Problem to work on
Your answer must be an exact copy of the records, with no pictures included.

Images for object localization
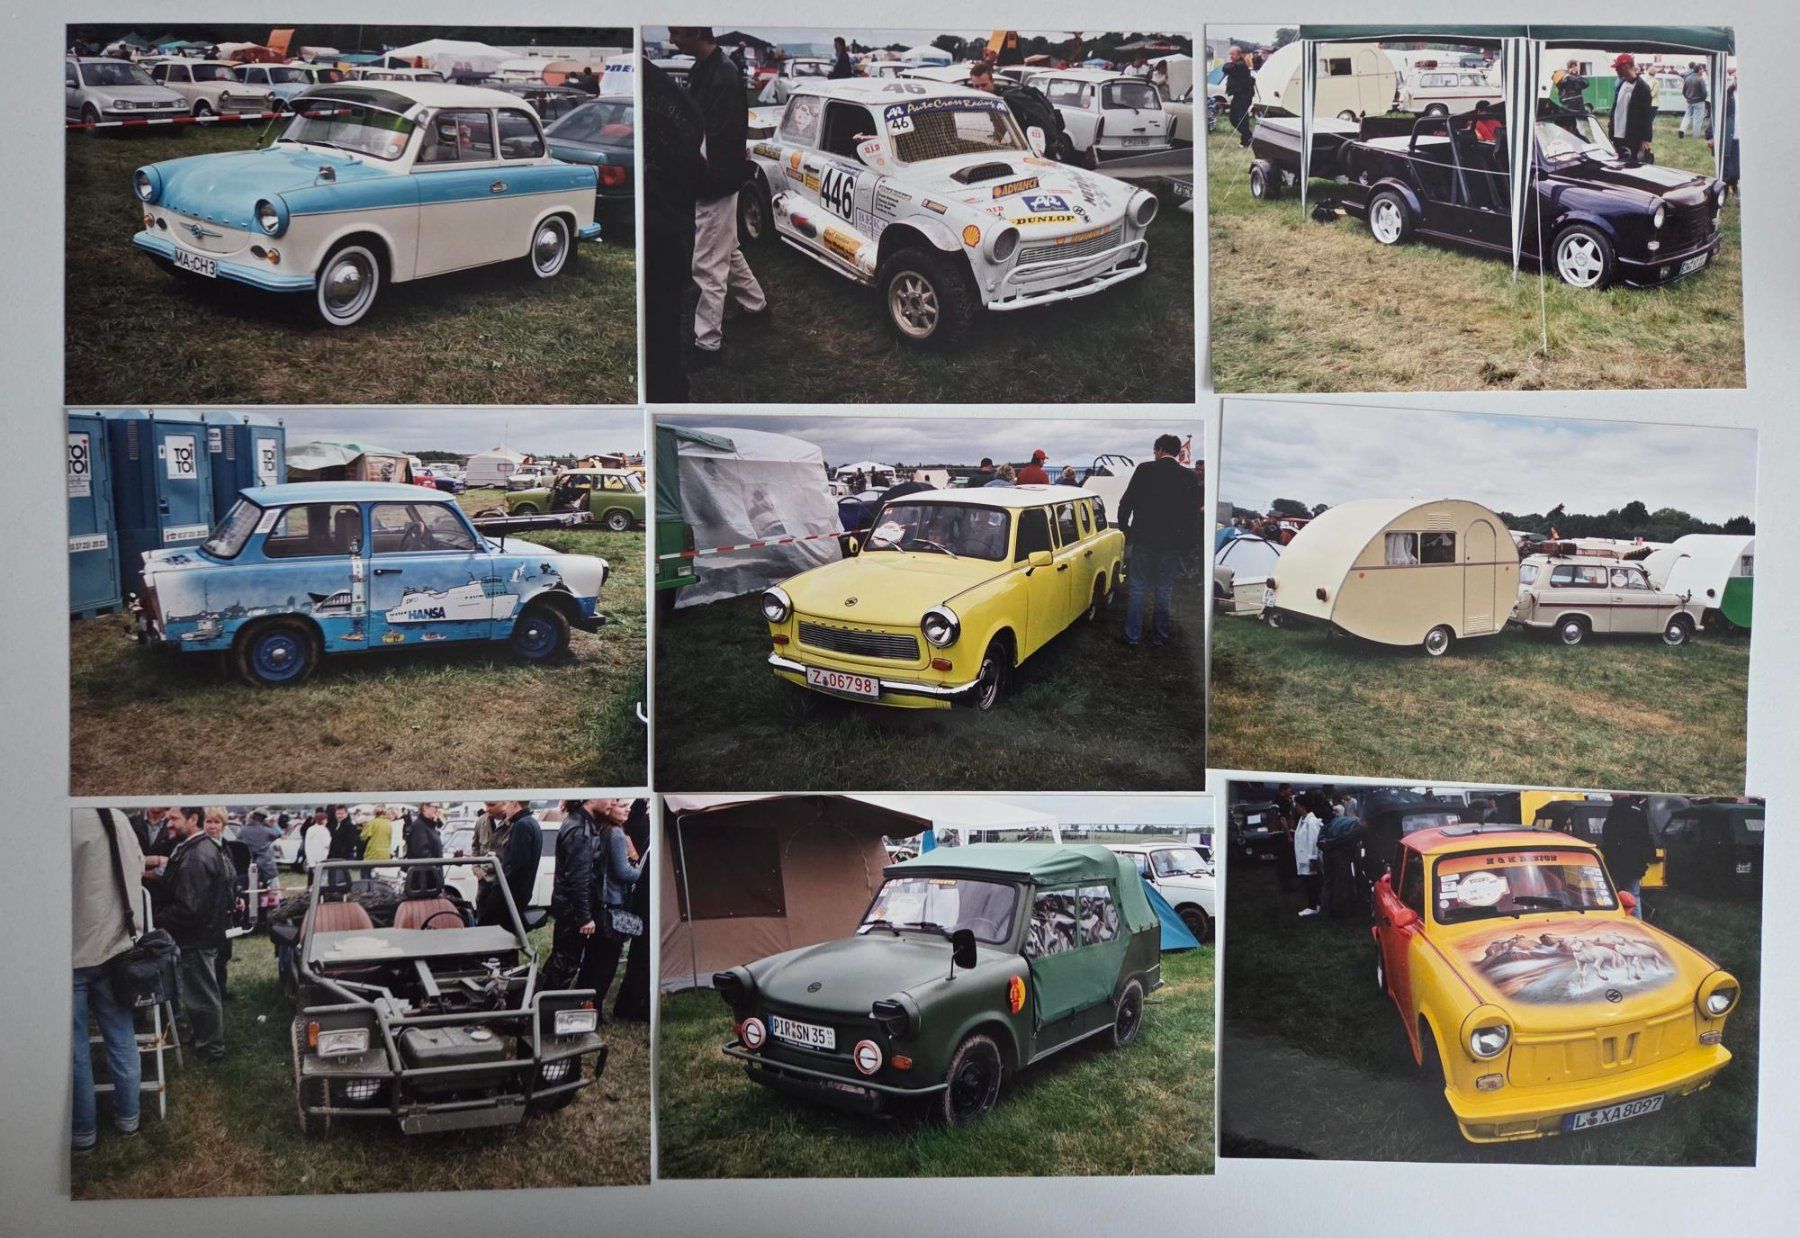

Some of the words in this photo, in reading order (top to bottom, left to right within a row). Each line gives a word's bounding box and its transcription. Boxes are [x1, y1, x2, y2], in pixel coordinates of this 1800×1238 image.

[882, 83, 926, 94] 46
[891, 117, 909, 129] 46
[821, 168, 854, 218] 446
[1001, 178, 1038, 195] ADVANCE
[1016, 215, 1075, 224] DUNLOP
[408, 606, 446, 619] HANSA
[812, 669, 822, 684] Z
[829, 673, 872, 693] 06798
[773, 1018, 791, 1037] PIR
[796, 1024, 809, 1041] SN
[811, 1027, 826, 1044] 35
[1599, 1107, 1620, 1123] XA
[1622, 1097, 1662, 1117] 8097

Exercise output
Some of the words in this photo, in reading order (top to bottom, left to right within a row). Each line gives a word's bounding box and its transcription. Boxes are [x1, y1, x2, y2], in pixel coordinates of this 1800×1238 image.

[882, 83, 926, 94] 46
[891, 117, 909, 129] 46
[821, 168, 854, 218] 446
[1001, 178, 1038, 195] ADVANCE
[1016, 215, 1075, 224] DUNLOP
[408, 606, 446, 619] HANSA
[812, 669, 822, 684] Z
[829, 673, 872, 693] 06798
[773, 1018, 791, 1037] PIR
[796, 1024, 809, 1041] SN
[811, 1027, 826, 1044] 35
[1599, 1107, 1620, 1123] XA
[1622, 1097, 1662, 1117] 8097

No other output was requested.